Jump to content
  • Patient safety and lived experience, a blog by Anthony O'Connor


    Article information
    • UK
    • Blogs
    • New
    • Everyone

    Summary

    I work primarily in the areas of lived experience and in co-production, and I strive to have both of these concepts better understood, and more effectively utilised wherever possible. Nowhere is this more important than the world of patient safety.

    In this first blog for Patient Safety Learning I will concentrate on lived experience, its definition, its usage, and its impact. 

    Content

    What does lived experience mean?

    There are broadly 3 kinds of lived experience: lived, living, and learned.

    The lived experience is when an individual has been through a health issue (either physical or mental), has been successfully treated, and that issue has been resolved. The living experience is when an individual is undergoing treatment, but there is no immediate or foreseeable resolution in sight. The learned experience is when an individual is close to another person who is going through, or has been through a health issue, and that proximity has given the person an insight into that healthcare pathway.
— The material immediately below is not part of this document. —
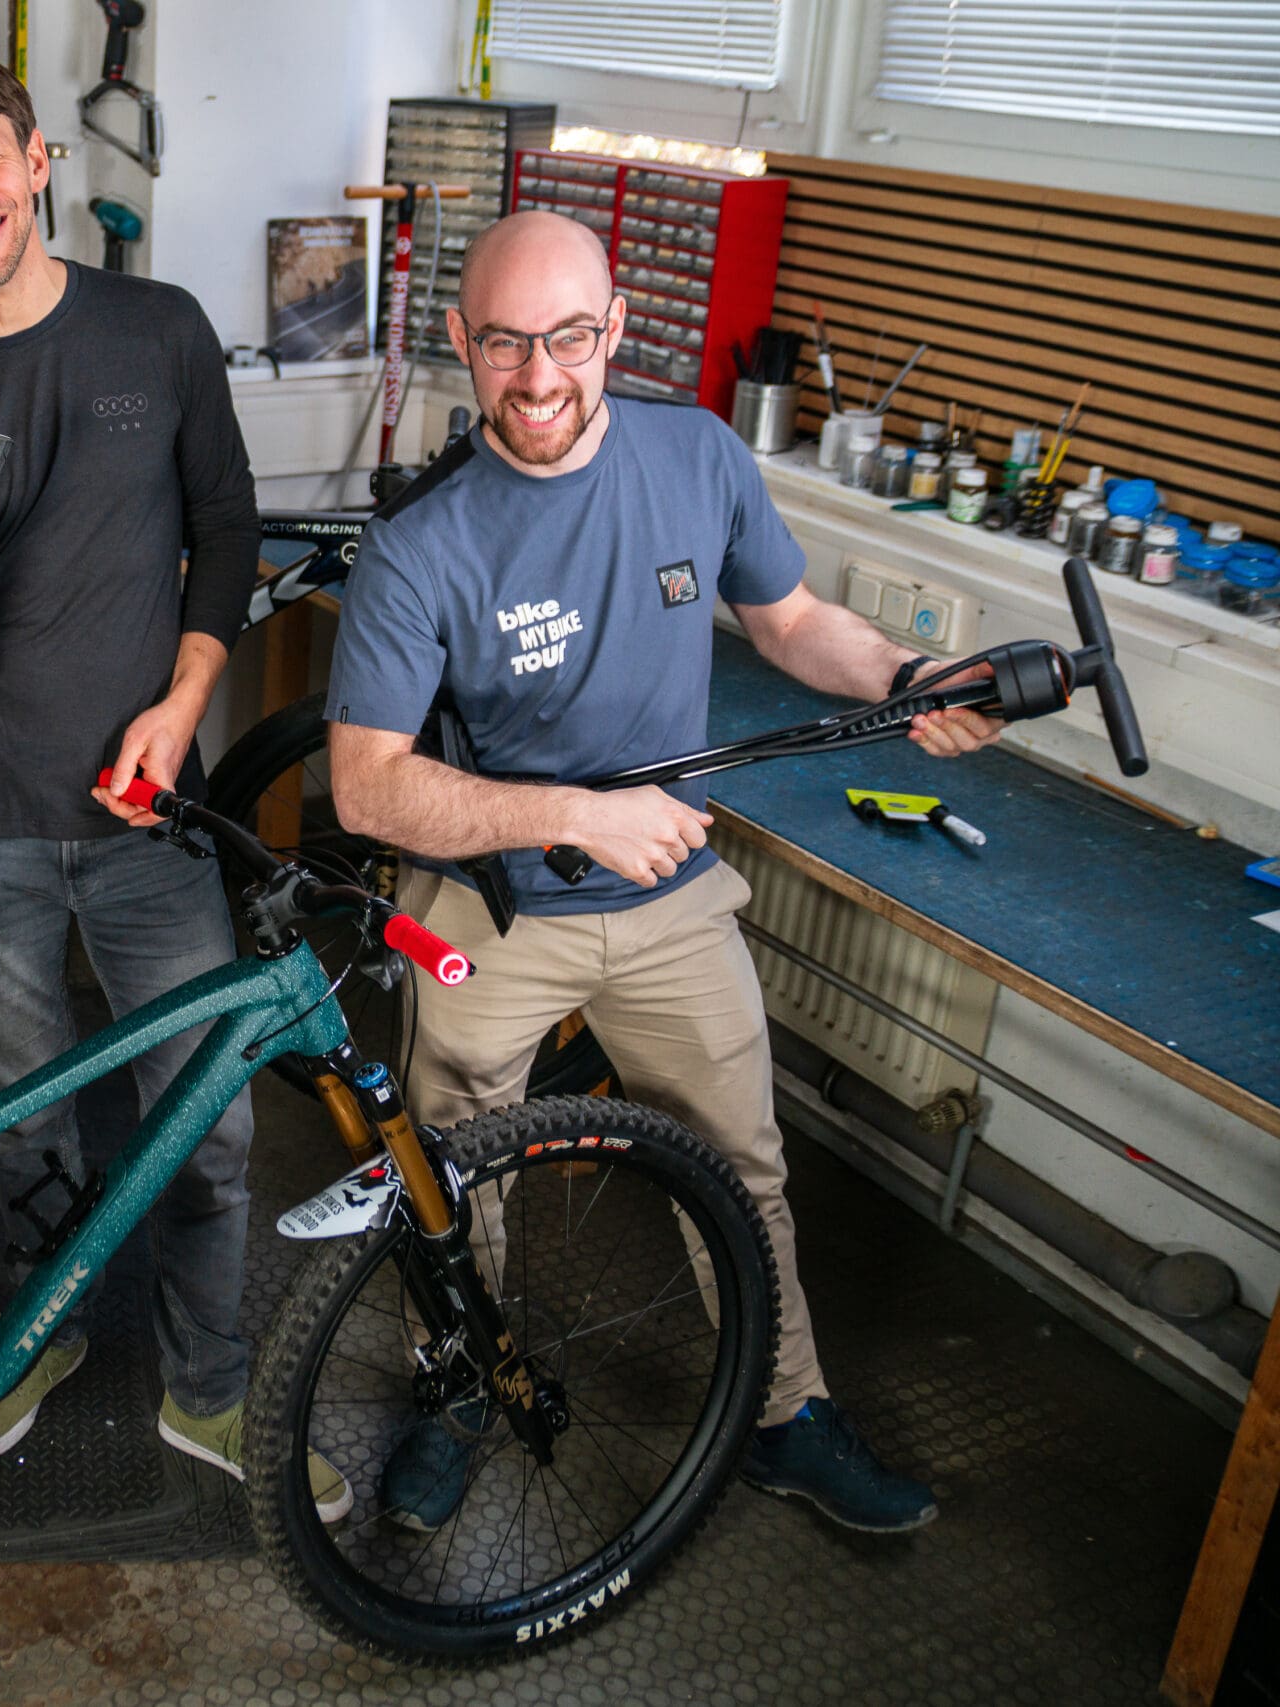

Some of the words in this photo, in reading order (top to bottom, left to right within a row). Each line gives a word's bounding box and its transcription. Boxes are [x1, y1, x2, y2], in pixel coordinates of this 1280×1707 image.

Everybody reading this will meet at least one of these criteria and this is the starting point for learning how best to use the concept of lived experience.
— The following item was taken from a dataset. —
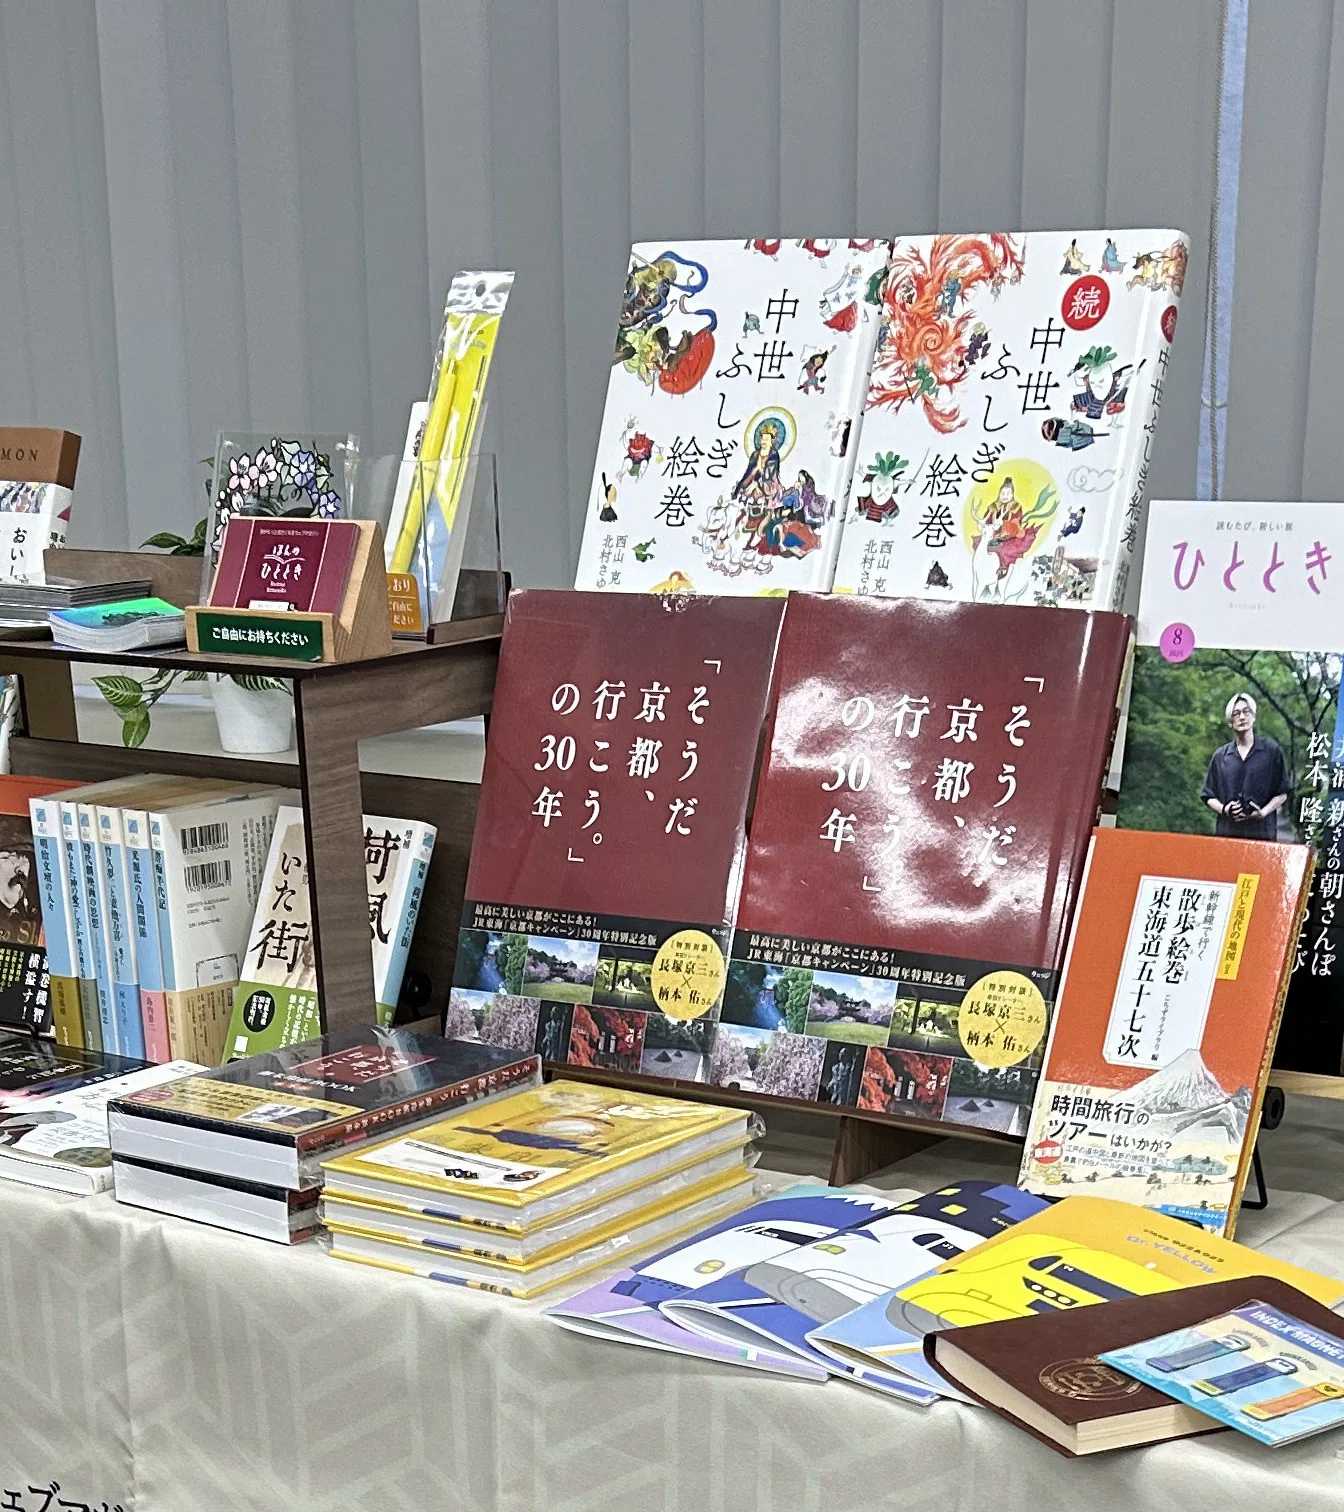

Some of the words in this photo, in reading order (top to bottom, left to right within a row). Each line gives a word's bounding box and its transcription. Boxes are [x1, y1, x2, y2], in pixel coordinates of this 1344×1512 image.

    Sharing insights and experiences

    In my own life I have direct experience in all three categories and experience of patient safety issues with all three. One of my lived experiences is my personal journey with cancer which, owing to shortcomings in the structure of Primary Care Networks had an unpromising start. I visited my GP over a period of nearly twelve months with a persistent, and increasingly painful, irritation at the back of my throat. The GP practice where I live has a high turnover of staff, uses a considerable number of locums, and I saw four different doctors during this period. Eventually, I was sent for a scan with stage 3 cancer of the throat diagnosed. The consequent course of treatment was intense, exhaustive, and saved my life. The specialists conceded that they only just got to me in time, and it had been touch and go.

    My living experience is my ongoing mental health journey which I have lived with since I was a teenager (I’m now 62). I am a multi-suicide attempt survivor and have been in and out of therapy for a number of years; at one point in my life, I was sectioned and spent time in a Secure Mental Health Unit. It was following this incident that I was placed on a waiting list to see a Clinical Psychologist; I waited nearly two years for this to happen. The Psychologist manged two appointments before informing me that they were dropping their caseload and taking indefinite leave due to work-related stress. This had a devastating effect on me, and I withdrew from any meaningful contact with the outside world altogether. I became a recluse, rarely left the house, and this state of affairs went on for several years.
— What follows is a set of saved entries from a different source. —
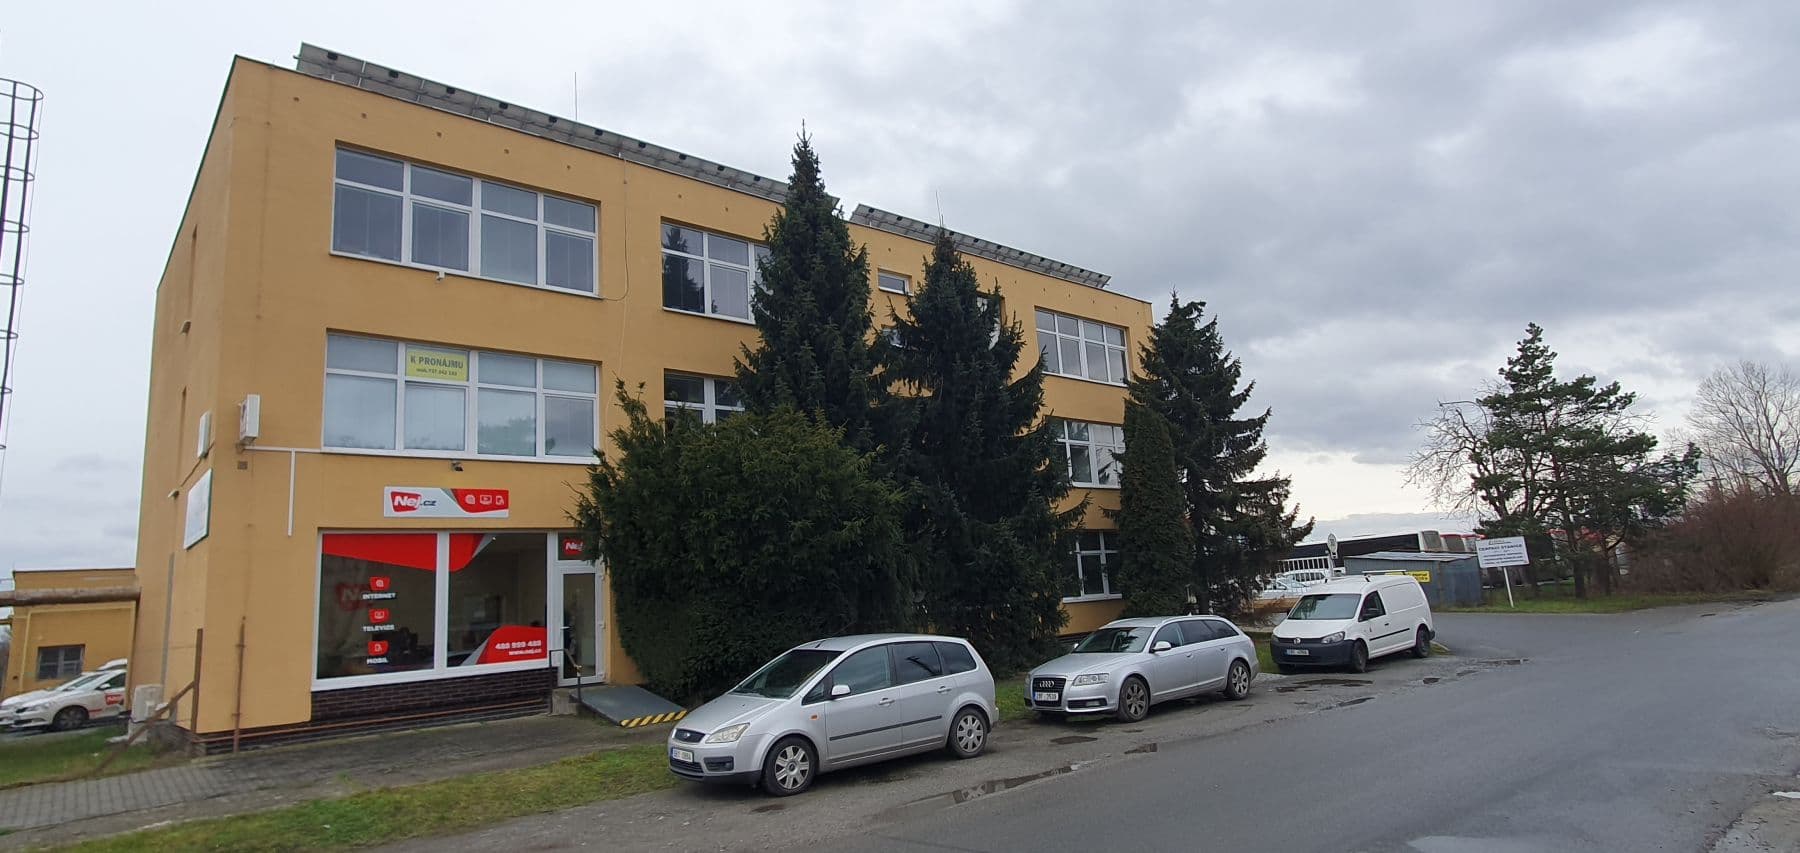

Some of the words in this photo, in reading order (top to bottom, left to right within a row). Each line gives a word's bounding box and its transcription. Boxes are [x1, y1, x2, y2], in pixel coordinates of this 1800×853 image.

[410, 355, 416, 365] K
[418, 356, 464, 369] PRONÁJMU
[394, 494, 437, 510] Nej.cz
[362, 592, 397, 600] INTERNET
[366, 657, 389, 665] MOBIL
    Both of these examples highlight clear themes regarding patient safety. The first is to do with the patient and the lack of information and support that a good healthcare system should provide; the second is a complete absence of a trauma-informed, person-centred approach with a focus on shared decision-making.

    Both of these examples also highlight the safety issues around the people who are delivering the care. Healthcare Professionals are being asked to work in circumstances that are not conducive to maintaining high standards and are given caseloads that are unrealistic. There appears to be an emphasis on quantity rather than quality when it comes to treating people in the NHS. This is the antithesis of what good patient safety should look like.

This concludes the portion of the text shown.